--- RECORD EXCERPTS ---
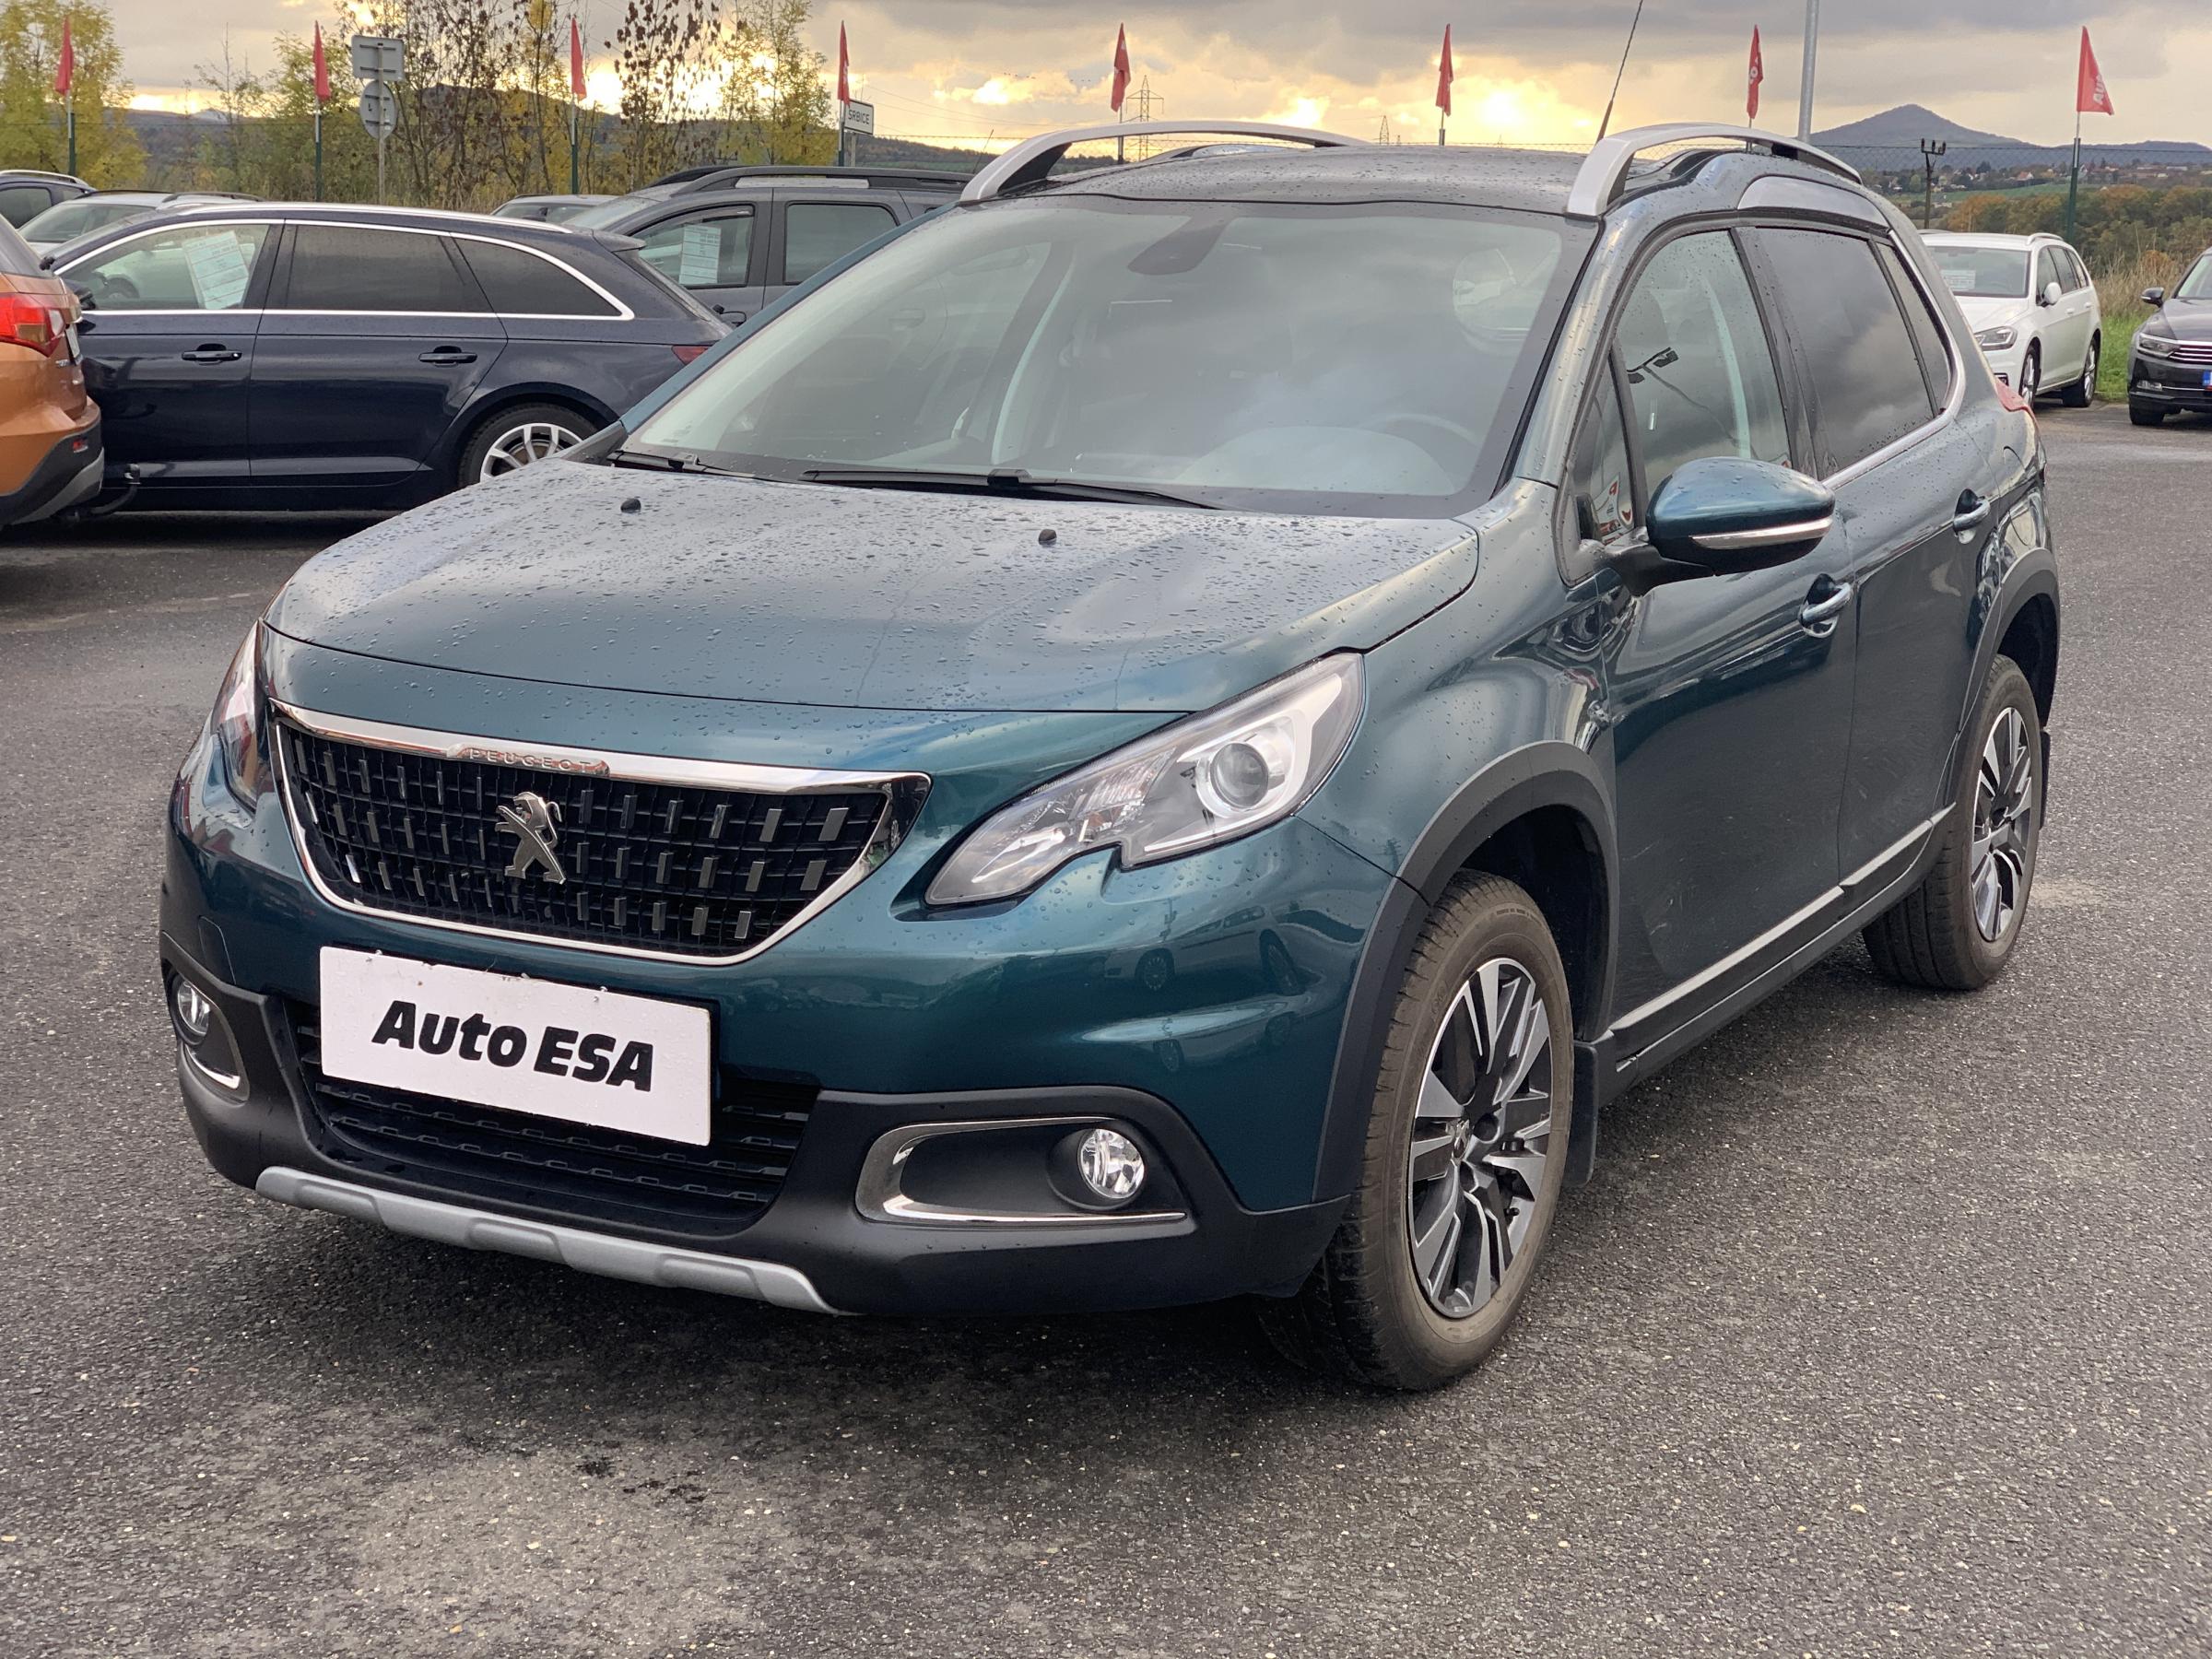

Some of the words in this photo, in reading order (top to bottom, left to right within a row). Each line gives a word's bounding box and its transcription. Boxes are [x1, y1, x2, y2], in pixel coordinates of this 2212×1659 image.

[848, 110, 870, 125] SRBICE
[468, 747, 592, 773] PEUGEOT
[371, 1000, 527, 1067] Auto
[533, 1026, 654, 1092] ESA
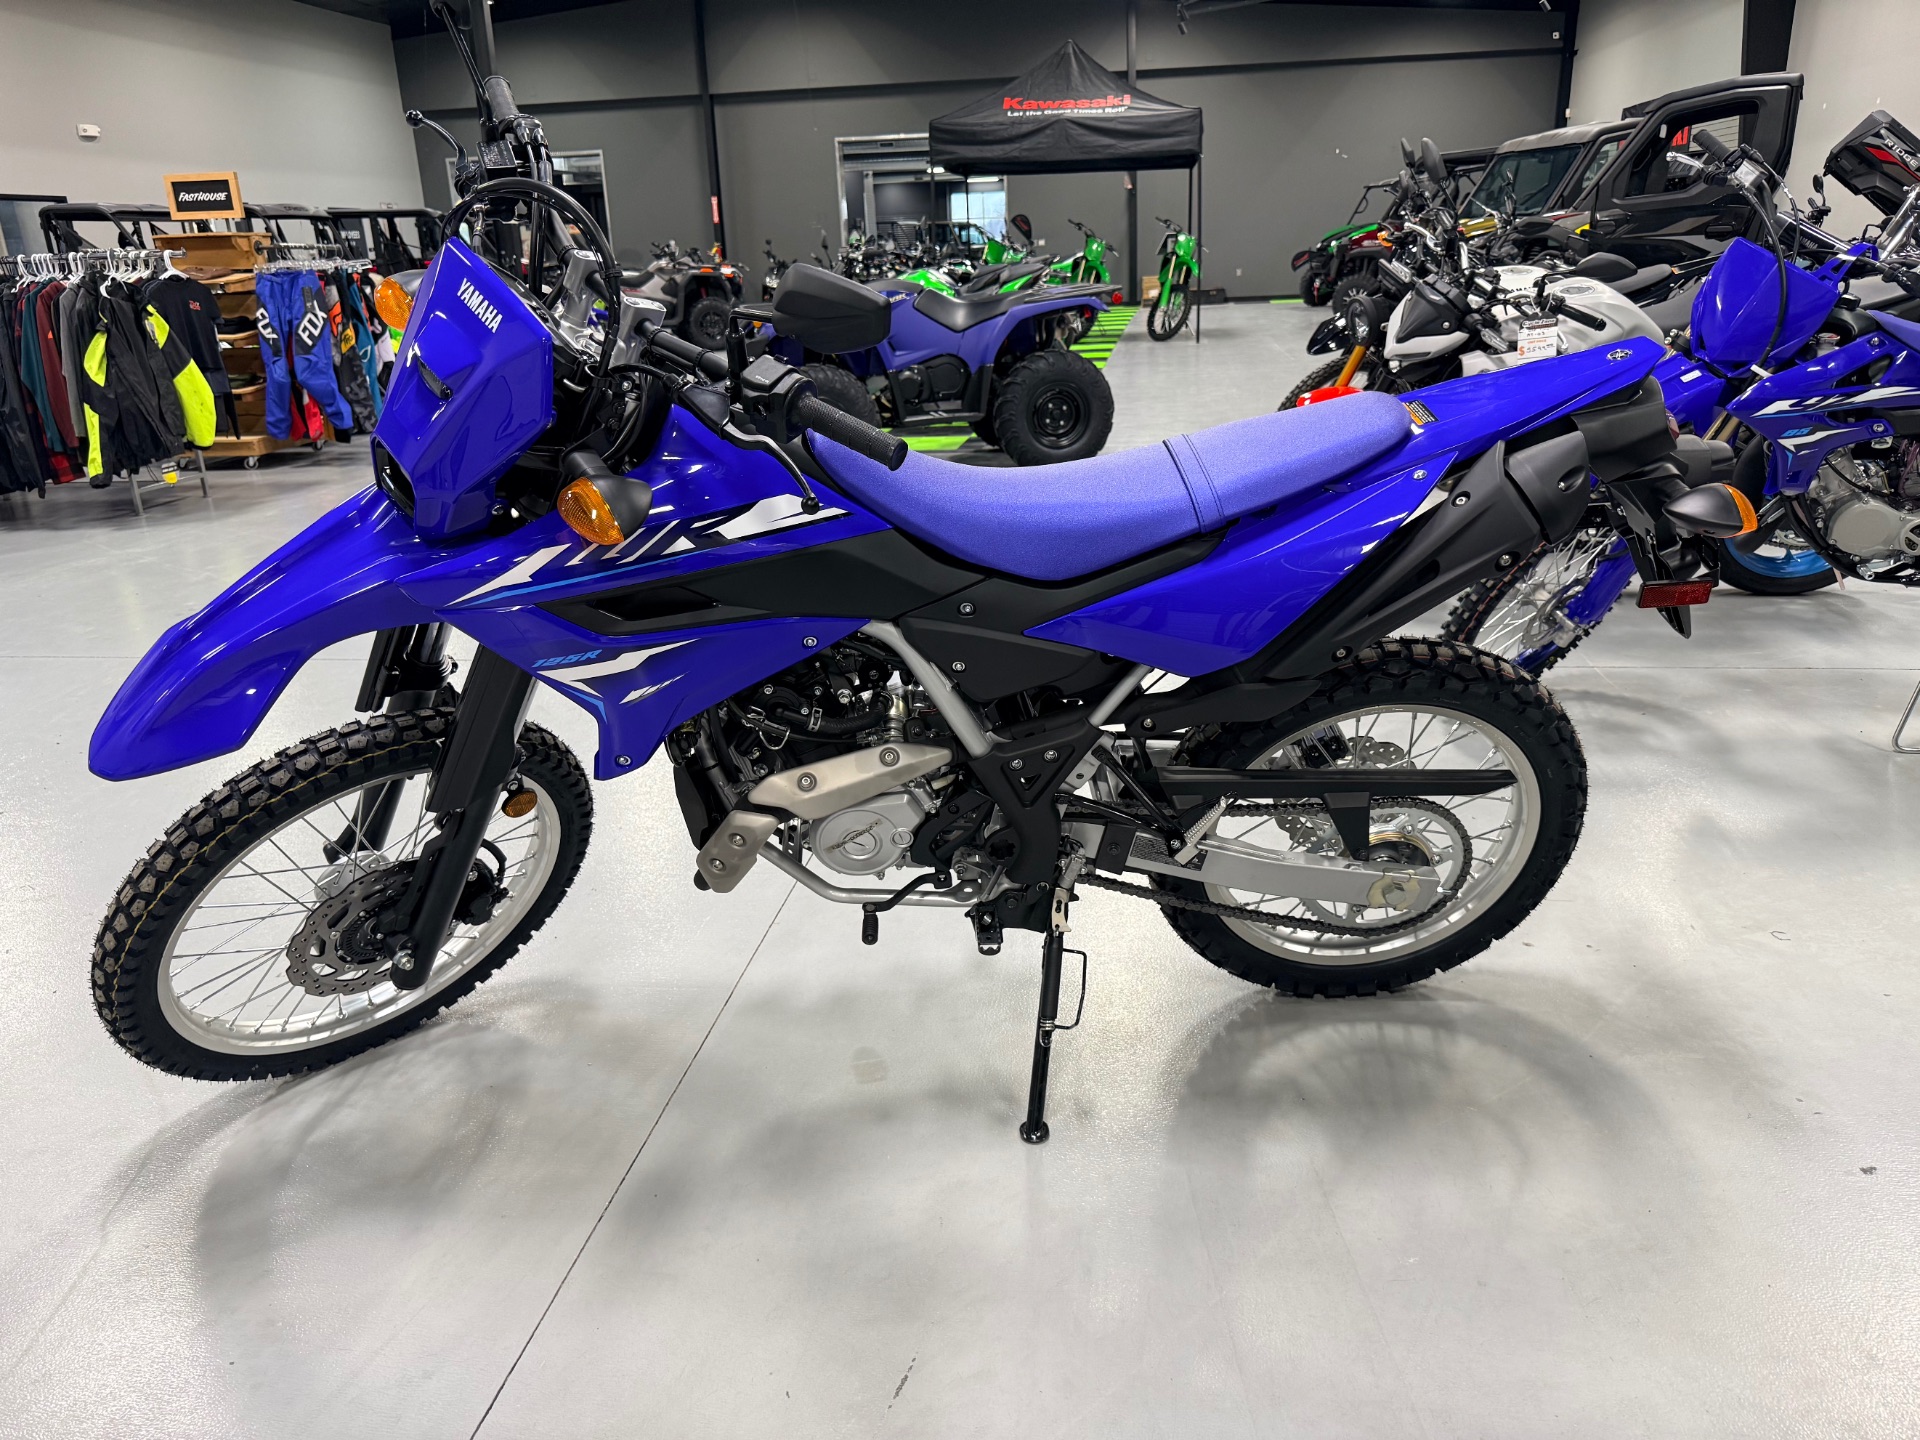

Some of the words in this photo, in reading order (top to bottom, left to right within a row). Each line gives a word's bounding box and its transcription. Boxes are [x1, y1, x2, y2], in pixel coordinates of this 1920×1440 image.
---
All the lines above should be reproduced exactly, and none of the pictures.

Some of the words in this photo, in reading order (top to bottom, left to right within a row). Each line gives a word's bounding box and its transcription. Boxes are [x1, y1, x2, y2], in pixel coordinates of this 2212×1659 image.

[848, 110, 870, 125] SRBICE
[468, 747, 592, 773] PEUGEOT
[371, 1000, 527, 1067] Auto
[533, 1026, 654, 1092] ESA

Some of the words in this photo, in reading order (top to bottom, left to right within a row). Each line gives a word's bounding box and its transcription. Boxes are [x1, y1, x2, y2], in pixel coordinates of this 1920×1440 image.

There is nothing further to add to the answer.